There's some of that, but there's also magical thinking - that there's some great financial product out there just for rich people like them that will make them even richer.
There are, but most aren't rich enough! Proper private equity and the like, but we are talking minimum $20M, and preferably $100M+. The private equity us poor schmucks can buy bundled up in a fund or trust is usually the leftovers.
There are plenty of other direct investments we can't access.
I disagree.
There are certainly hedge funds which have minimums of $500k to several million but (and this is the really important part) - they don't perform any better than all the various index funds, target retirement funds, and actively managed funds that us 'poor souls' can afford. 3-decades-or-so ago the average investor couldn't buy many stocks (or any stocks without a high-price broker); now they're all available.
what those hedge funds with the >$500k minimum do offer is hand-holding, fancy dinners and direct phone calls. These clients know their manager and they expect their manager to know them and to return their calls and to meet with them on demand at a nice restaurant to talk about 'wealth-management strategies' and 'mitigtating downslope risk,' which these guys are more than happy to do for ~1%/yr of a $1MM+ account.
PSA:
https://www.atominvest.co/
Invest in private equity, venture capital, private debt, real estate, hedge funds, with smaller investment sizes of $100,000+.
...
I'm not doubting that there are funds which have investment sizes far beyond us 'normal people' (see above).
I'm objecting to the idea that these funds offer investment opportunities that are somehow unavailable to your average middle-class investor, albeit with another company/fund/package or series of ETFs.
I bring this up because I think it is a pervasive myth that rich people somehow have access to investments which somehow give out-sized returns and lower risk. I have yet to see any hard data showing this is the case, and I have two close friends who work for funds with account minimums at $250k.

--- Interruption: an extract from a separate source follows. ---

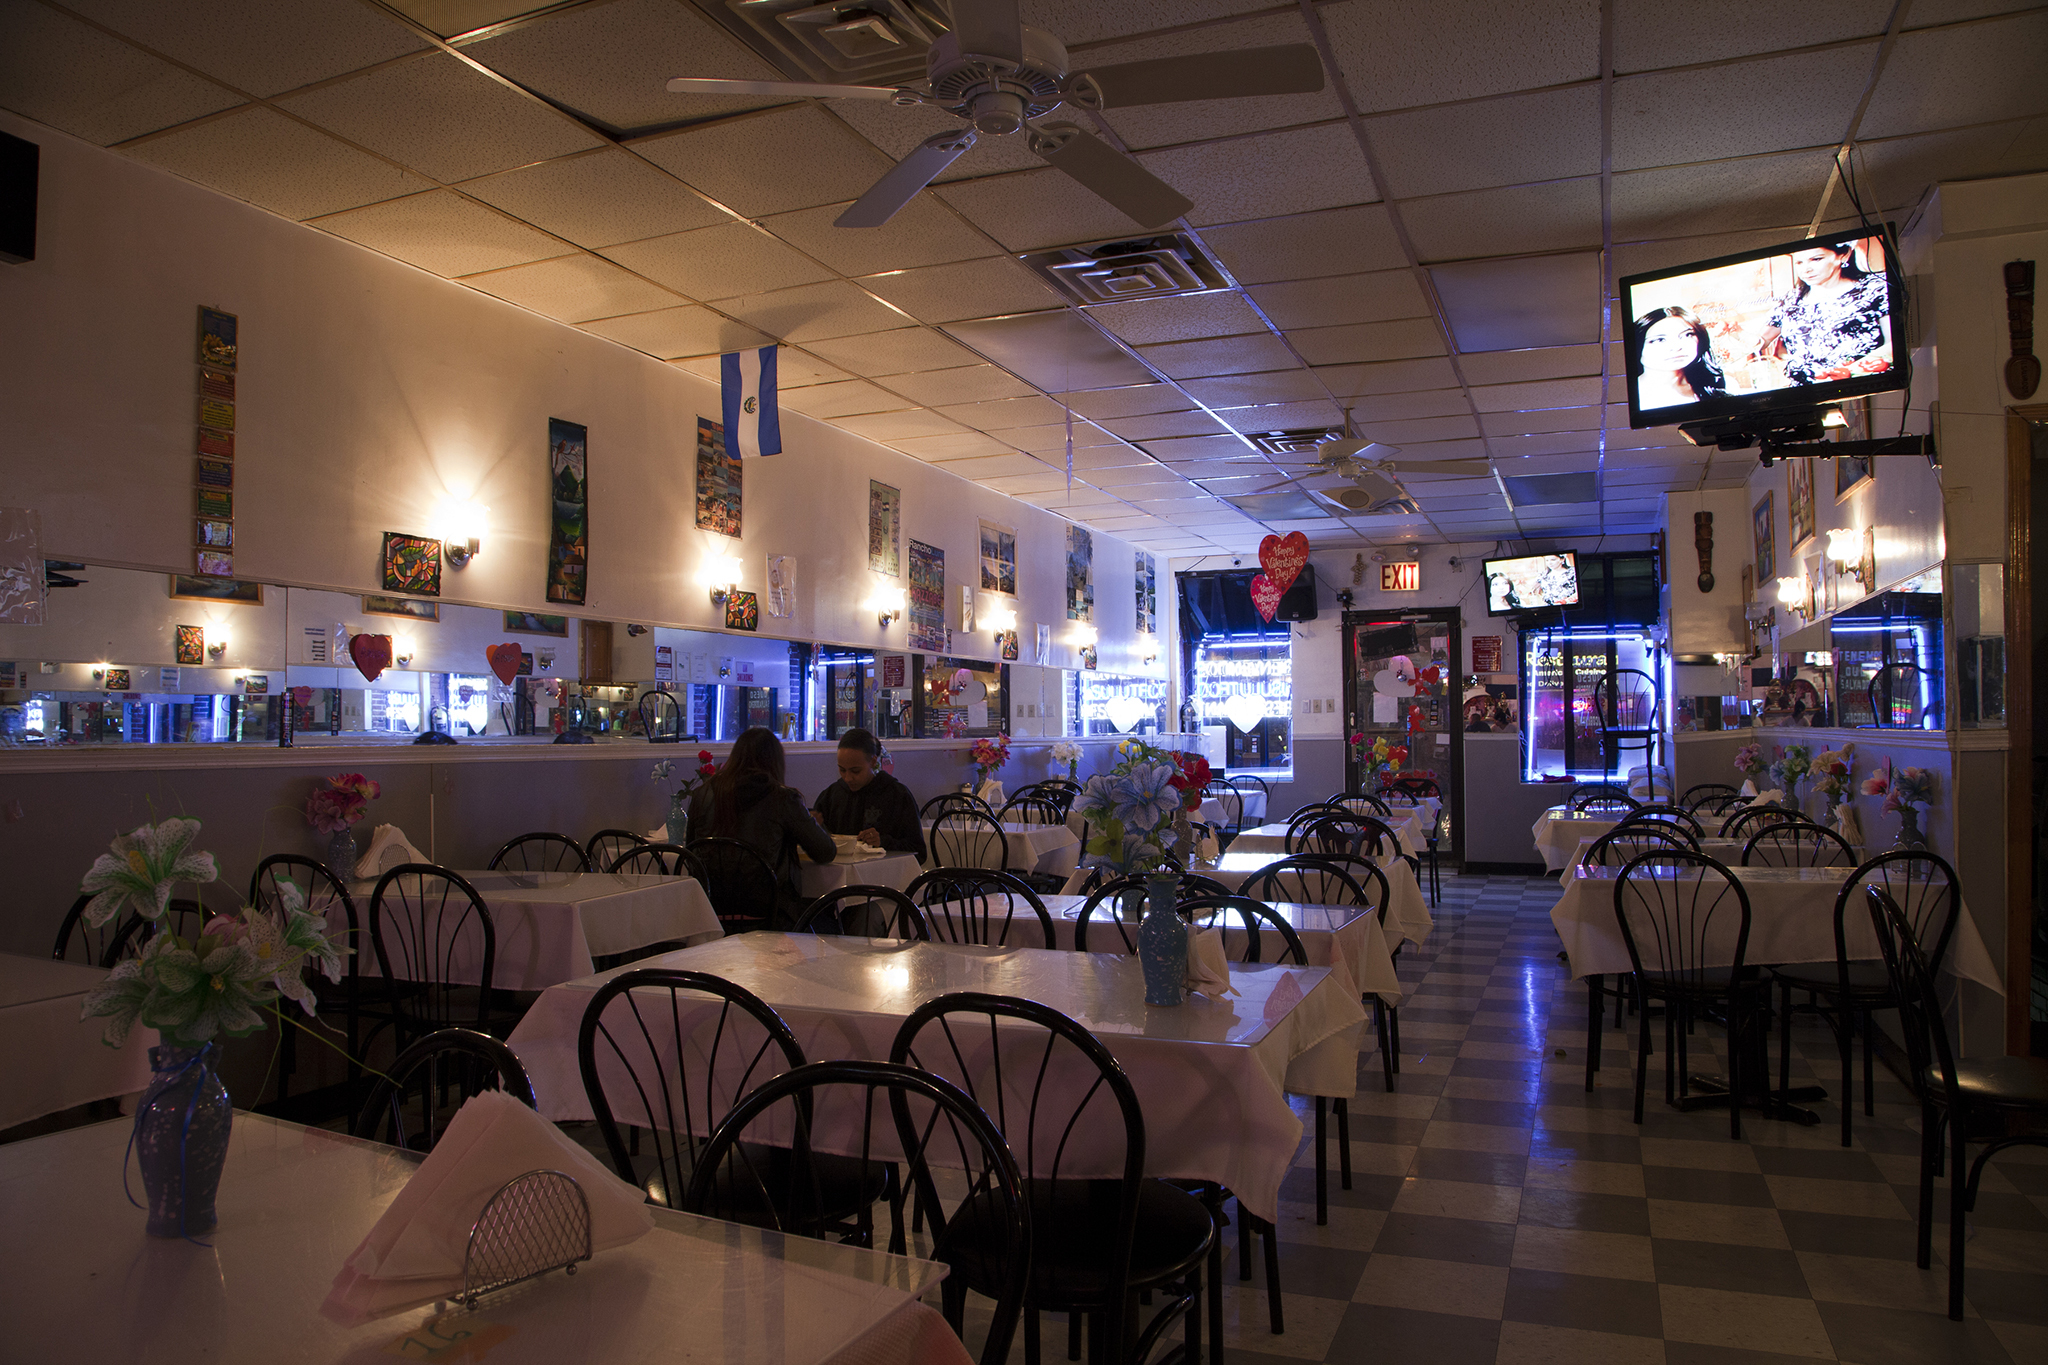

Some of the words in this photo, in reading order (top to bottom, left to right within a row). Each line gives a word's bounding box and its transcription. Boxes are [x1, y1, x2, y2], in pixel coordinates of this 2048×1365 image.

In sum my position is this: People with $5MM to invest do not have 'better' investment options than someone with $50k, they just have more full-service funds available.
Correct.
One branch of my dad's extended family is very rich through hard work etc. But they secured a windfall a few years back when a foreign company bought the business. As a result each family member has net worth from USD 5-20M. Thus they opened a family investment office in the UAE (not where they live), run by one of the sons, a Harvard-MBA-grad. That's his first job out of grad school. I asked him why he turned down offers from Wall Street, he said he had to manage this windfall. (My guess is that silver-spoon boy doesn't have the
cojones to work for not-family.)
There's a pervasive thought that rich families require a family investment office to handle this money, as it has to be 'actively managed' otherwise it may run away. Fucking green soldiers can mutiny, damn bastards! "When there's a lot of money, we need to invest in hedge funds and private equity and IPOs and exotic investments as we're at a higher <asshole> level."

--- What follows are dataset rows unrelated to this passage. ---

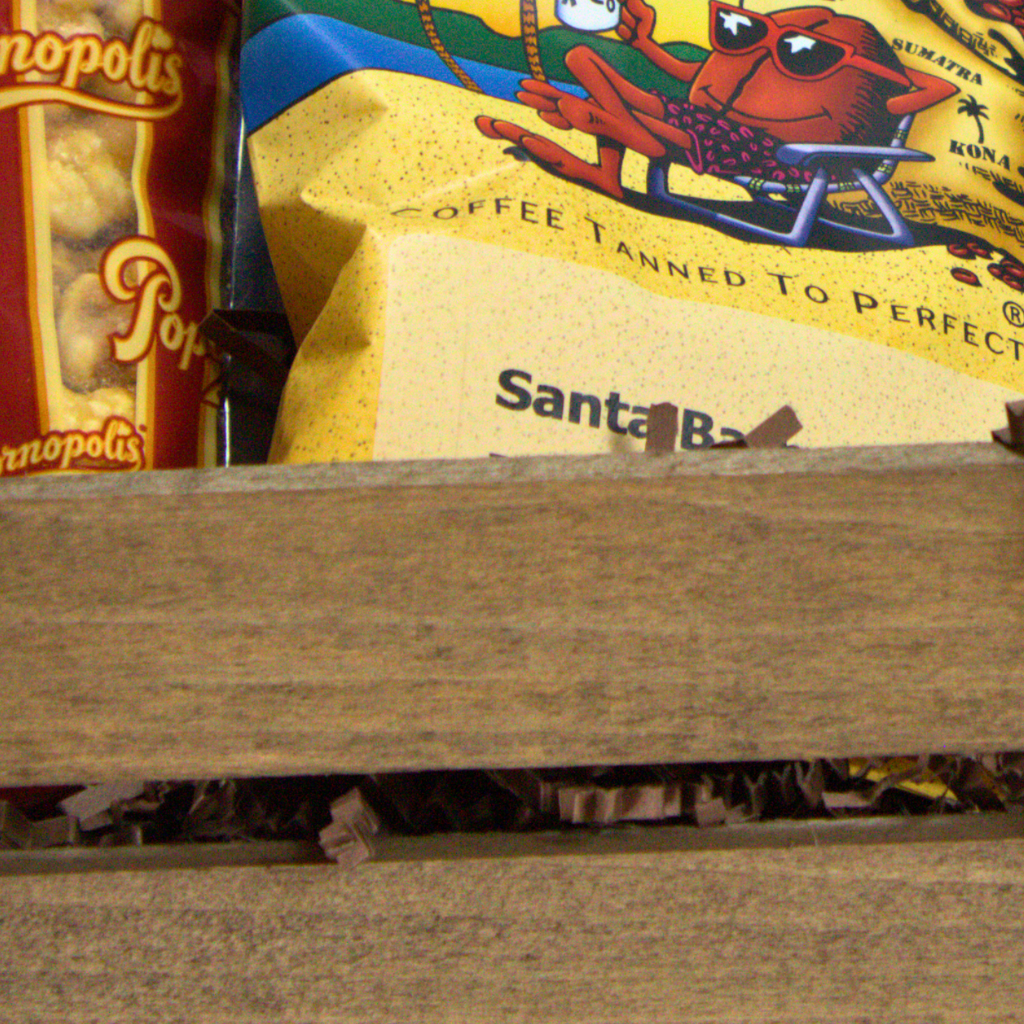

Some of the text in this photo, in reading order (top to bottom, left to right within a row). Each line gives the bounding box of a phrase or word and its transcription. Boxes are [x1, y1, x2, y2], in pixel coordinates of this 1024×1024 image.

[891, 38, 983, 86] SUMATRA
[949, 139, 1011, 171] KONA
[390, 198, 565, 231] COFFEE
[584, 216, 747, 288] TANNED
[767, 272, 829, 304] TO
[495, 368, 650, 439] Santa
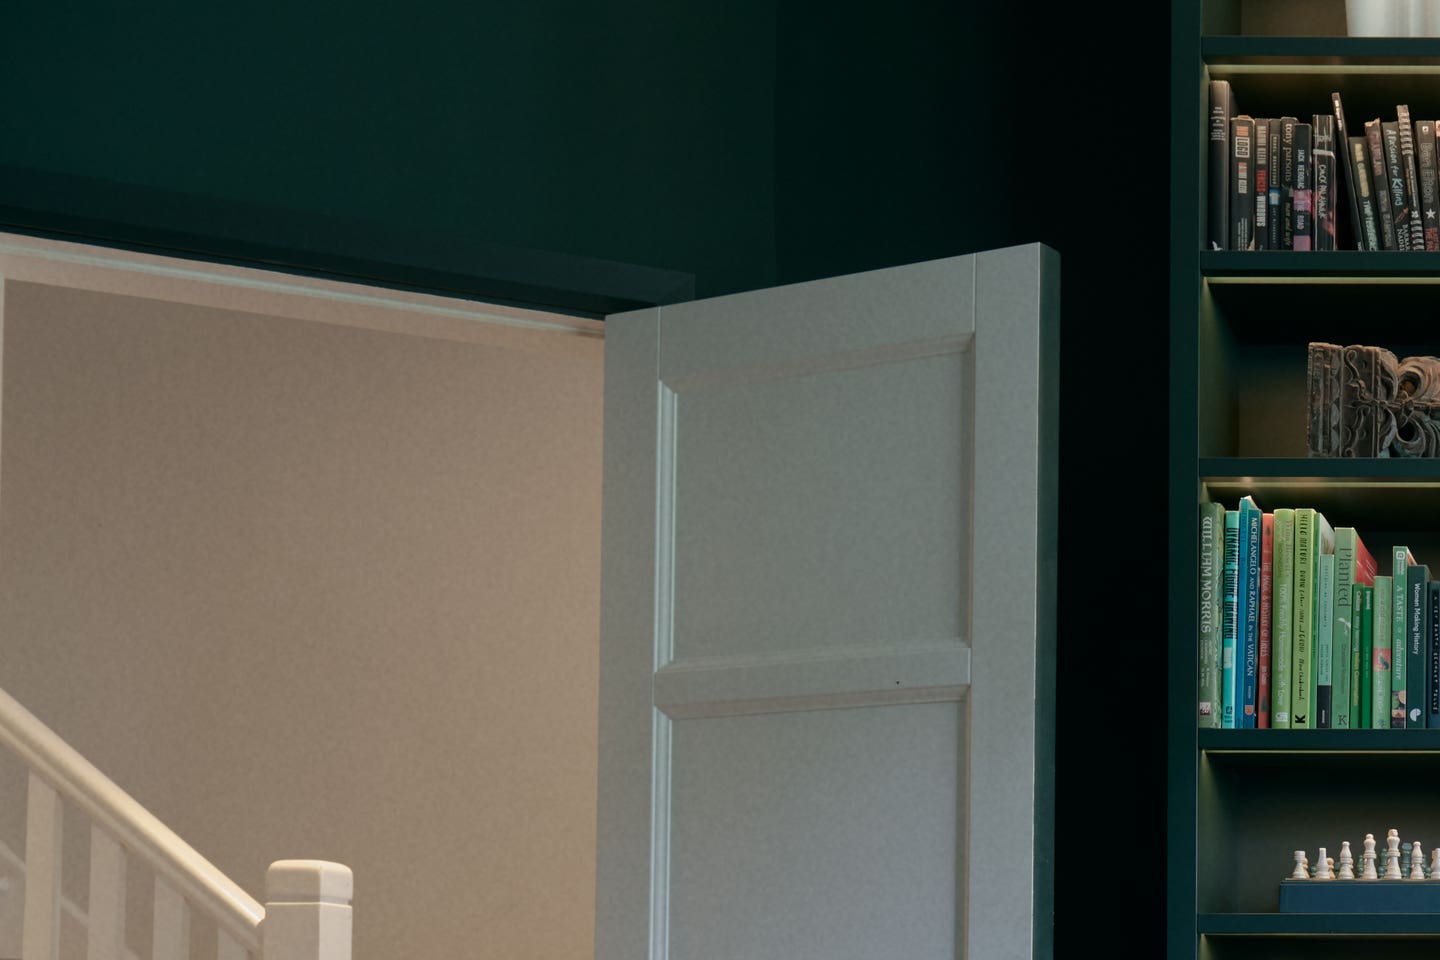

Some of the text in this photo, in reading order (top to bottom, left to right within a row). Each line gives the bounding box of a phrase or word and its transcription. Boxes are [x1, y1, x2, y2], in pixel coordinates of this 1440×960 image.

Meanwhile, I have 2 friends who work at a local family investment office which oversees over USD 100M invested. One friend had some issues with database reports, excel, etc. She came over with her laptop, and while helping her, I got to see what they invest in (didn't get to see names of investors). It was a mix of mostly active mutual funds, blue chip stocks, and Treasury Notes/Bills/Bonds.
Let the myth propagate like a STD. You can't change the minds of people who have more money than you. And one can get full service with VG Flagship status or the Schwab/otherfundco equivalent.
It will be interesting to meet atominvest-cousin and familyoffice-cousin in a couple of months. There will be some drinking-and-bragging-sessions. Let the good times roll...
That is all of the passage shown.